Spec — Roadmap (ordered)

A sequenced view of the substrate's path to the open-source launch. The spec catalog filters by status and category; this page orders the same specs by when they need to land. Tiers are dependencies: each tier assumes everything above it.

Status: shipped verified in_progress blocked planned draft · Priority: p0 p1 p2. Rows in each tier are roughly in execution order. "Source roster" tiers (3–6) follow the launch sequence in data-status.

Tier 0 — Substrate foundation (mostly done)
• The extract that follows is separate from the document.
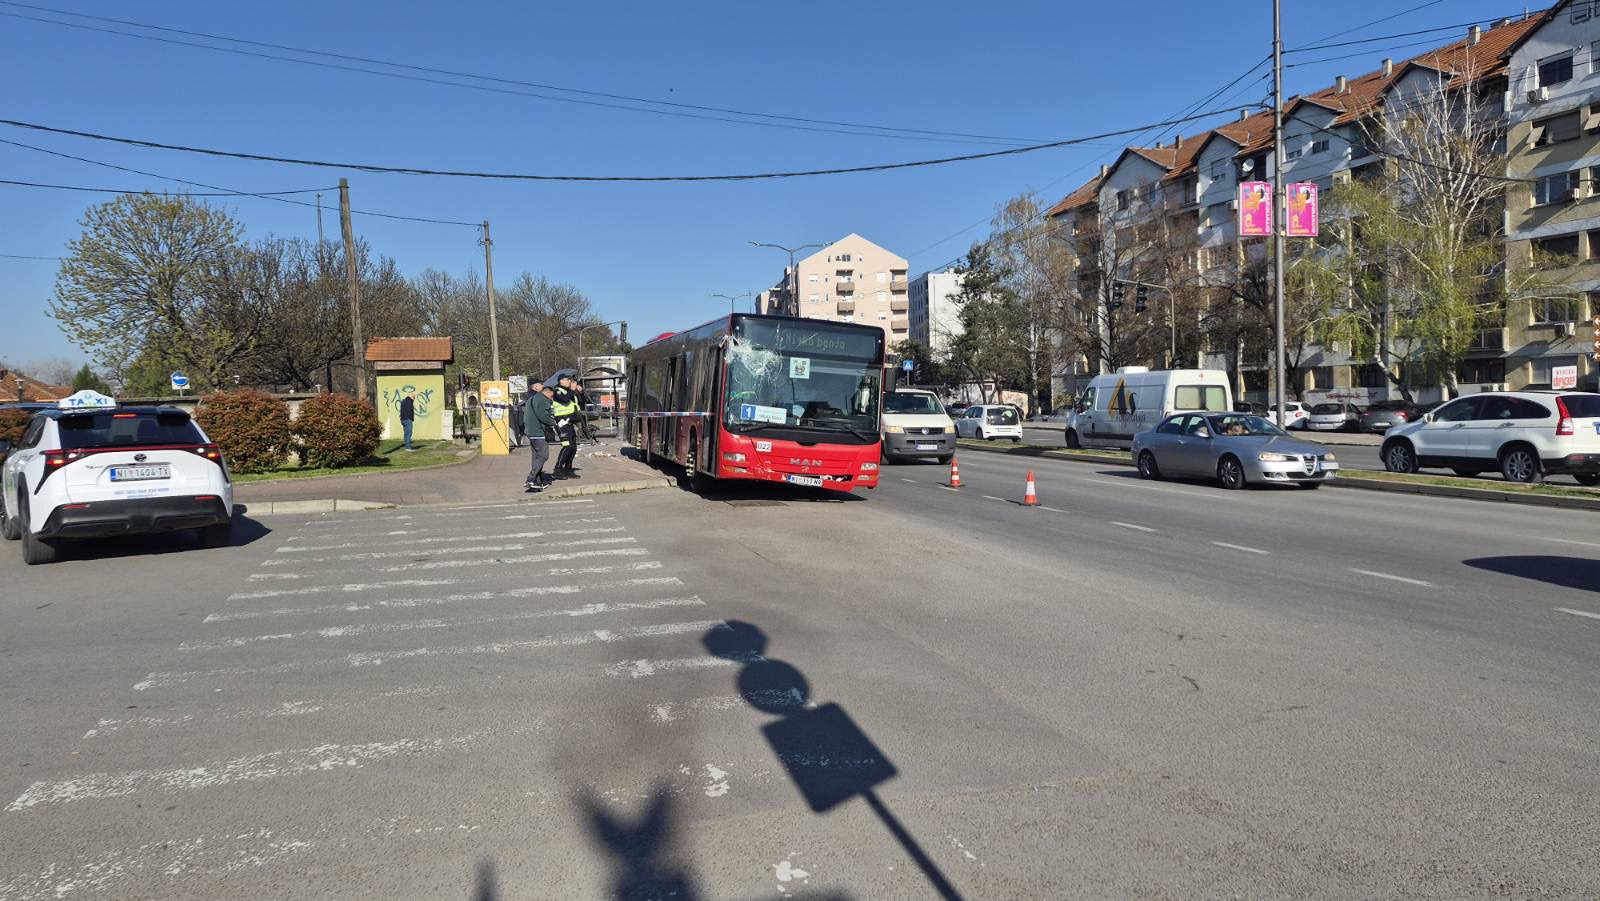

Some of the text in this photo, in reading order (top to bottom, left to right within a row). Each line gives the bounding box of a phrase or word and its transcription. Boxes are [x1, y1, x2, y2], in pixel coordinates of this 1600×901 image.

[68, 397, 108, 406] TAXI
[746, 407, 751, 418] 1
[757, 442, 771, 451] 022
[790, 457, 822, 466] MAN
The substrate primitives every source depends on: SQLite schema, migrations, FTS5 + vec0 pipelines, embedding queue + worker + providers. This tier is largely landed.

SpecStatusPriorityNotes
substrate-sqlite-foundationshippedp0SQLite + WAL config + connection conventions.
substrate-migrations-workflowshippedp0Alembic-style migrations; schema source of truth.
substrate-body-normalizationshippedp0Raw → Markdown body normalization.
substrate-citation-metadatashippedp0Citation extraction + canonical IDs.
substrate-fts5-pipelineshippedp0FTS5 virtual tables + per-column weights.
substrate-vector-pipelineshippedp0sqlite-vec wiring; vec0 companion tables.
ingester-modularity-passshippedp0Ingester scaffold + per-source module pattern.
conventions-refactorverifiedp0Code conformed to conventions doc.
ci-foundationverifiedp0uv run poe ci = lint + typecheck + tests + spec validate + nav check.
embedding-jobs-schemaverifiedp0Job queue table + composite PK per (chunk, model, version).
embedding-provider-protocolverifiedp0One Protocol, three callables; uniform error hierarchy.
embedding-provider-local-stverifiedp0In-process sentence-transformers adapter.
embedding-provider-modalverifiedp1Modal GPU adapter for bulk backfills.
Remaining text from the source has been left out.